Post Number:#31  Unread postby grumpy » Sun Jun 15, 2014 9:15 am


ckcs wrote:Looks great. I know fodder can save some coin but how is it as far as labor on your end? How much time do you think it would add to your week by doing it on a full scale?



Good point!! I've thought about the same thing. It's relative to size first and
foremost. There are days that I feed over 110 pounds of feed. My feed costs
me 27.5 cents per pound. That's right around $30.00 per day. It's expensive.

Starting out on this journey, I was kinda like a "chicken with it's head cut off"
going one way....then another. It took me a few days to develop any form of
routine. Now, it's better, much better time wise. There's still a few kinks in
the system that I'll need to work out to make it more streamlined and quicker.

It's a slow process, but getting better day by day. 20-30 minutes in the
mornings and about 45 minutes in the evenings when I process the fodder
into servable portions. So, about an hour per day right now. That 12+ pounds
of fodder cost me a shade under a nickel a pound. So, roughly 60 cents,
let's say. Now, quadruple that amount and you can see the savings involved.
If I can produce 50-60 pounds of fodder per day and feed it instead of pellets,
the savings will be very significant.

I seriously doubt I'll ever go completely to a fodder based diet. Number one,
you can have a "failure" in a days' production and the stock will go hungry.
We don't want that. Second: Sales of breeding stock will be going to folks
that feed strictly pellets and hay. We've got a problem of drastic diet change
right from the get-go.

I've little to no trust in feed milling companies. PROFIT is their bottom line
nowadays with little to no regard for the ingredients' quality they use. That's
definitely not good for a commercial producer. I am curious though as to the
quality of the fryers produced by a majority of their diet being fodder and hay.
It's GOT to be better. I'd eventually like to get to an 85% fodder, 15% pellet
diet with hay added for higher fiber. With fodder costing under a nickel per
pound versus pellets costing 27.5 cents per pound, it's easy to see the potential.

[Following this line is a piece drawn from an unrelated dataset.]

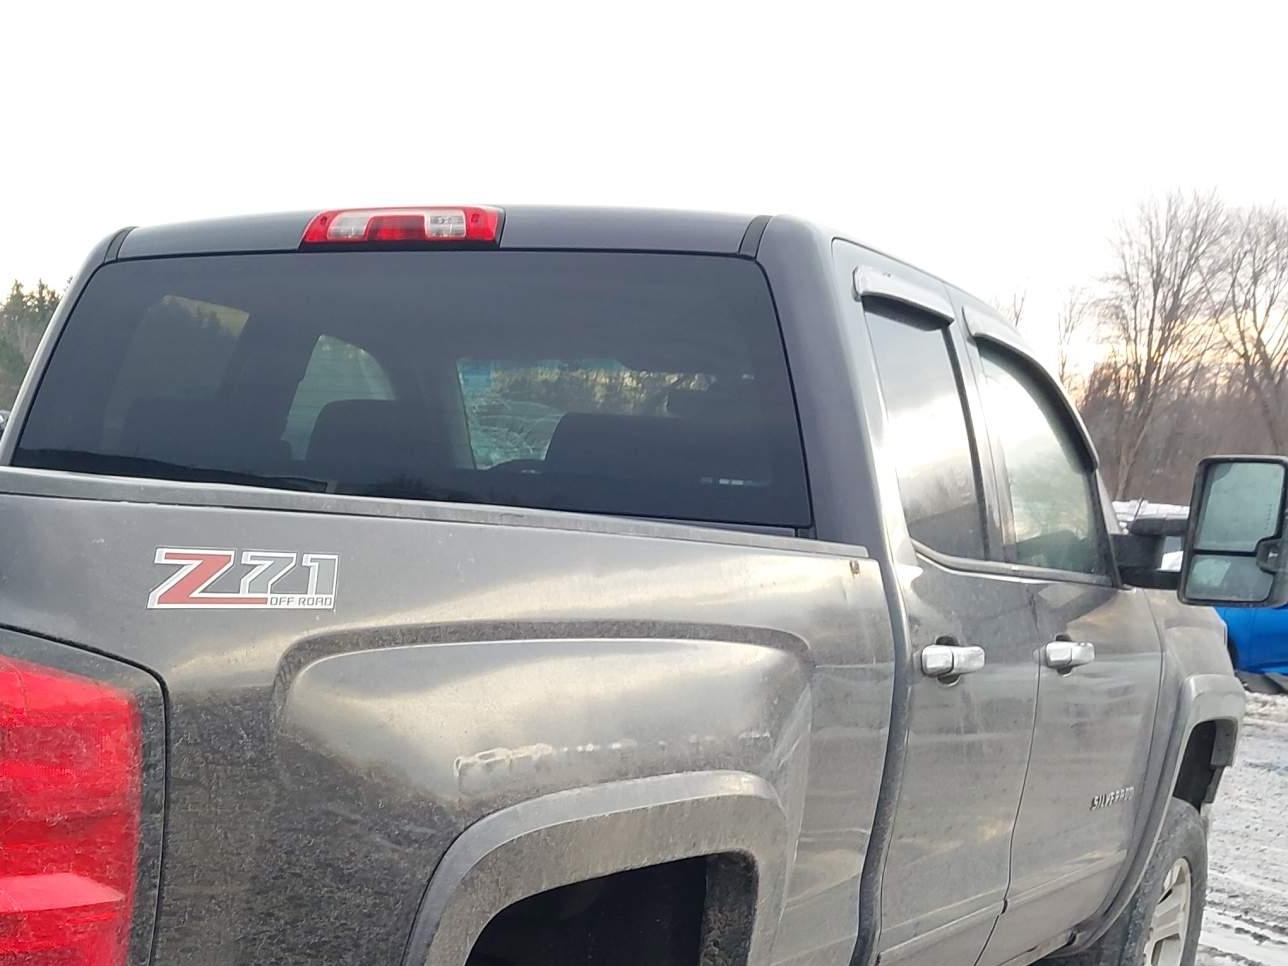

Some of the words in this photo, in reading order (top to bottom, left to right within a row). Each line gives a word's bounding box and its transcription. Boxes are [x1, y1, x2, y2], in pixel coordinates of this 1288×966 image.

[147, 547, 339, 609] Z71
[270, 596, 295, 606] OFF
[298, 596, 332, 607] ROAD

It's nearly impossible to raise the price of my product on the wholesale level.
But, if I can reduce my expenses, therein lies the potential for more money.
We'll see what happens over the next several months.

Grumpy.
Author of Historical Romance Novels: The Trilogy of: Box of Dreams, Scarlet Dreams, and Shattered Dreams.
My newest work: Now in publication. Redemption Road.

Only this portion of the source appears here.